Paul teaches us that being a Christian makes a real difference. You are never the same once you have become a Christian. It is a real experience. Listen to Paul as he reflects on his own experience in his first letter to Timothy:

12 I thank him who has given me strength, Christ Jesus our Lord, because he judged me faithful, appointing me to his service, 13 though formerly I was a blasphemer, persecutor, and insolent opponent. But I received mercy because I had acted ignorantly in unbelief, 14 and the grace of our Lord overflowed for me with the faith and love that are in Christ Jesus. (1 Tim 1:12-14)

This is the language of a converted man! Paul experienced God’s strength, mercy, and overflowing grace along with faith and love.   Paul loves a ‘felt’ Christ, even in  his experience of suffering for the sake of the gospel. He feels the love of God poured into his heart by the Holy Spirit. He knows that God has done this to him, despite the fact that he does not deserve such kindness.  He feels the relief of having escaped the great wrath of God. All this fills him with great joy (5:2,11).

 5:12 “Therefore….”

If Romans 5:1-11 was a testimony to the great experience of having been justified by faith, Romans 5:12-21 deals with two of the key figures in the drama of our redemption and justification:  Adam and Christ! 

The first man, Adam, is the biological father of the human race. As such he is also the federal head of the human race. He is our first representative before God.  In Genesis 3 we read of how Adam’s sin has such a profound effect upon us all- so profound that we can say, “in Adam’s fall, sinned we all.[1] The wages of sin is death (Rom. 6:23). That is bad news. 

Thankfully death is not the final word for God’s people. Enter the Gospel! Where sin abounds, Paul says, grace super-abounds[2]  (5:20). Enter the second Adam !  This grace comes to us through Jesus, the second Adam. He is the living head and representative of all whom He justifies – all those whom the Father had chosen in Christ before the beginning of time (John 17:2,6,9,10,24).

In Romans 5:12-21 the central idea is that people are saved in precisely the same manner in which they were lost - through the act of   another.

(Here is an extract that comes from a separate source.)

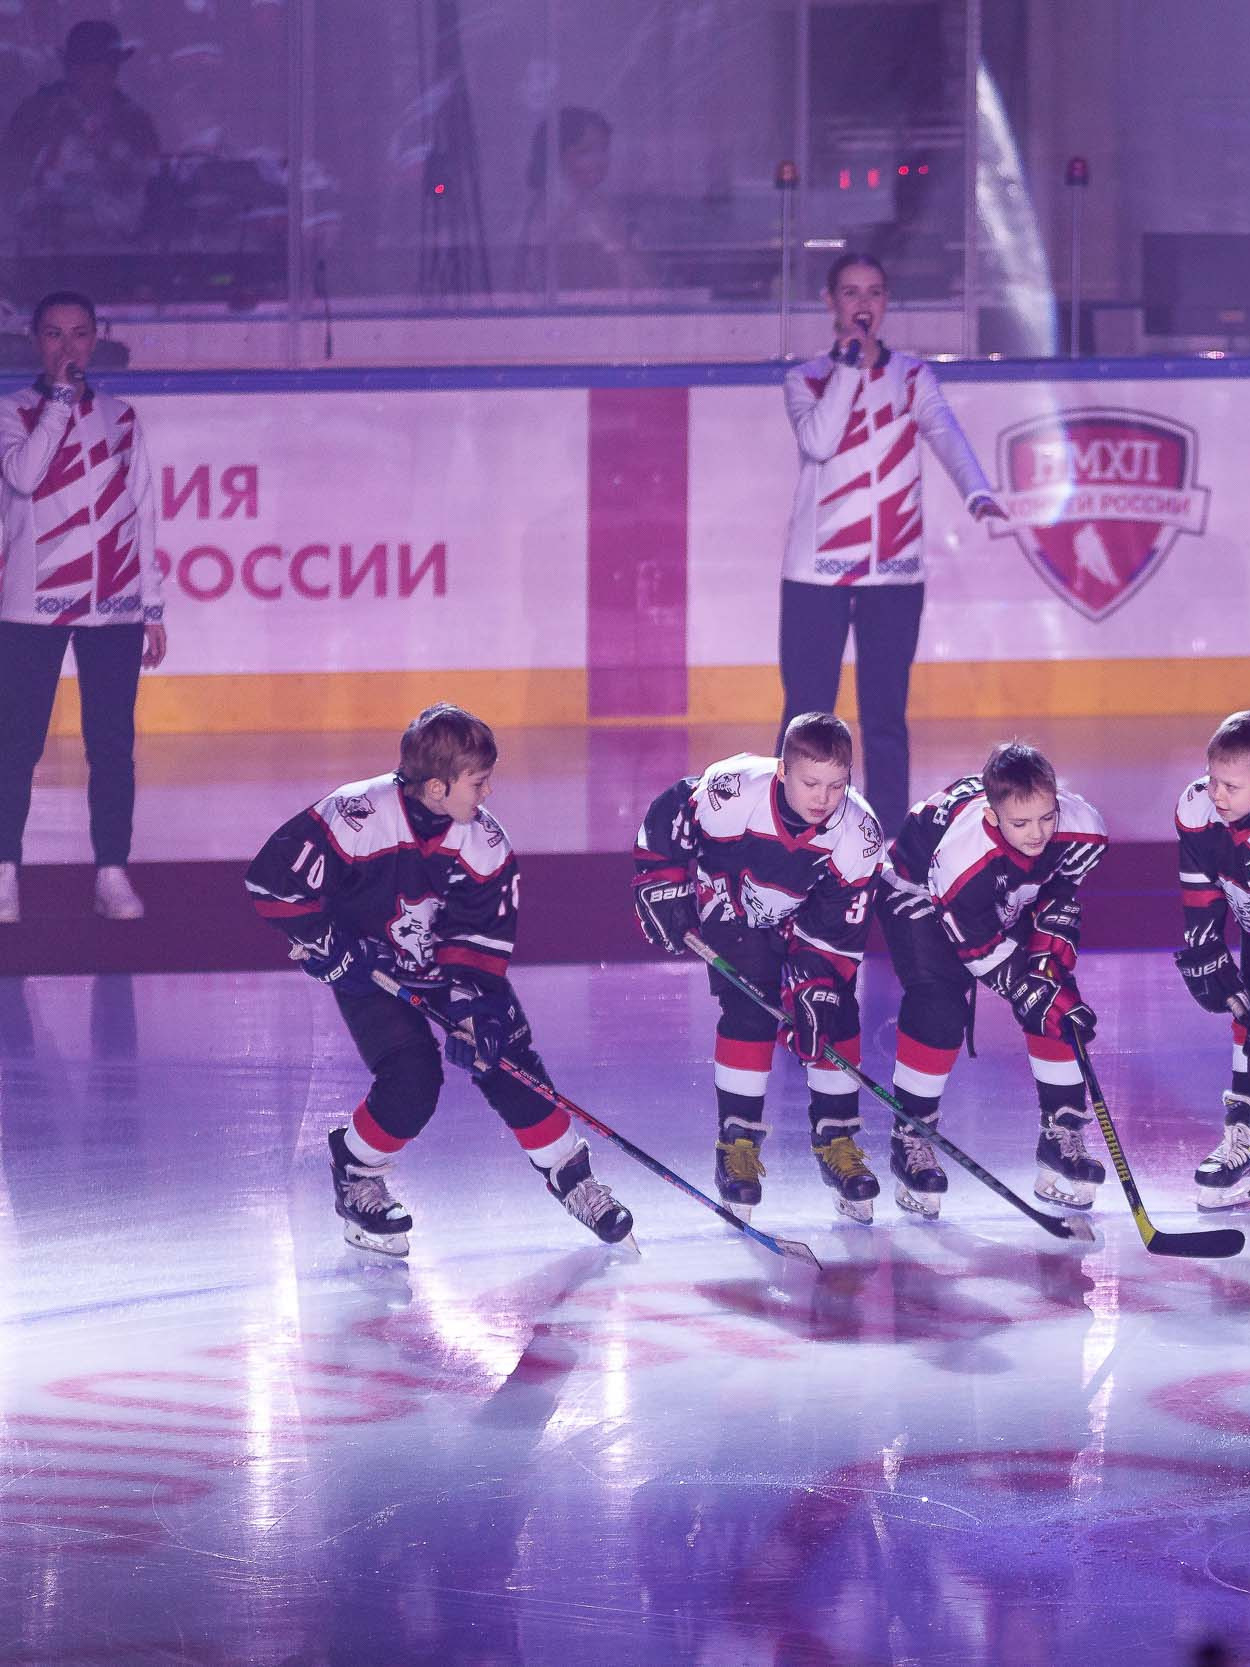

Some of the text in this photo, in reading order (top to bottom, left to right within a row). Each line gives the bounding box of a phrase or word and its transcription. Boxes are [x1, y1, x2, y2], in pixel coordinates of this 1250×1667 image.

[161, 464, 258, 520] ИЯ
[290, 841, 326, 889] 10
[1182, 952, 1230, 978] AUER

Follow the logic of the Bible.  

Just as Adam, by his one sin brought condemnation to all connected with him, so Christ by His one act of righteousness - that is, His sinless life and His substitutionary death, brings justification to all connected to Him (i.e. given to Him by the Father – read Jesus’ prayer in John 17 carefully). 

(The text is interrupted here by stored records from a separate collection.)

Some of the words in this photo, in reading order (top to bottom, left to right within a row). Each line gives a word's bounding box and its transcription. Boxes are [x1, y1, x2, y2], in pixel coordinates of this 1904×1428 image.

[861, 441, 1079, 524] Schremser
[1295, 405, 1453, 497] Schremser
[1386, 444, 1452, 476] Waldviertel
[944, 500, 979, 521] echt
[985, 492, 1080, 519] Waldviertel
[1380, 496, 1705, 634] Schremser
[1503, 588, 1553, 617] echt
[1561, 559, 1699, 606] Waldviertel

All people of this world, past, present and future stand in relationship to these two men.

The actions of these two men determine the eternal destiny of all who belong to them.

Every person is either in Adam or in Christ, whatever race or religion they may find themselves.  There is no third option. Thomas Goodwin (1600-1680), an English Puritan theologian and preacher put it like this, 

In God’s sight, there are two men—Adam and Jesus Christ—and these two men have all other men hanging at their girdle strings.

Girdle strings …This is an image that needs to be explained. In the days of Thomas Goodwin a bird hunter hung the birds he had hunted from his girdle – a thick leather belt.  All of humanity’s spiritual fate is tied to either Adam, through whom sin entered the world, or to Christ, through whom salvation and righteousness are offered to believers. All of us are either trophies of sin or trophies of grace. Keep this picture in mind as we work though this passage. 

 1. 5:12-14: ADAM, BY HIS SIN BROUGHT SIN AND DEATH ON THE WHOLE HUMAN RACE

 (i)  5:12  “...sin came into the world through one man, and death through sin, and so death spread to all men, because all sinned”. The whole human race descended from Adam became contaminated by Adam's one sin! If that seems unfair, we just have to think how many people die in wars begun by one man. Sin is far more devastating in its extent or effects than Aids or War.  With respect to sin the death spoken of here not only leads to physical death but also eternal spiritual separation from God. 

(NB. 5:13 - 17 form a parenthesis (a break in thought) between  5:12 -18).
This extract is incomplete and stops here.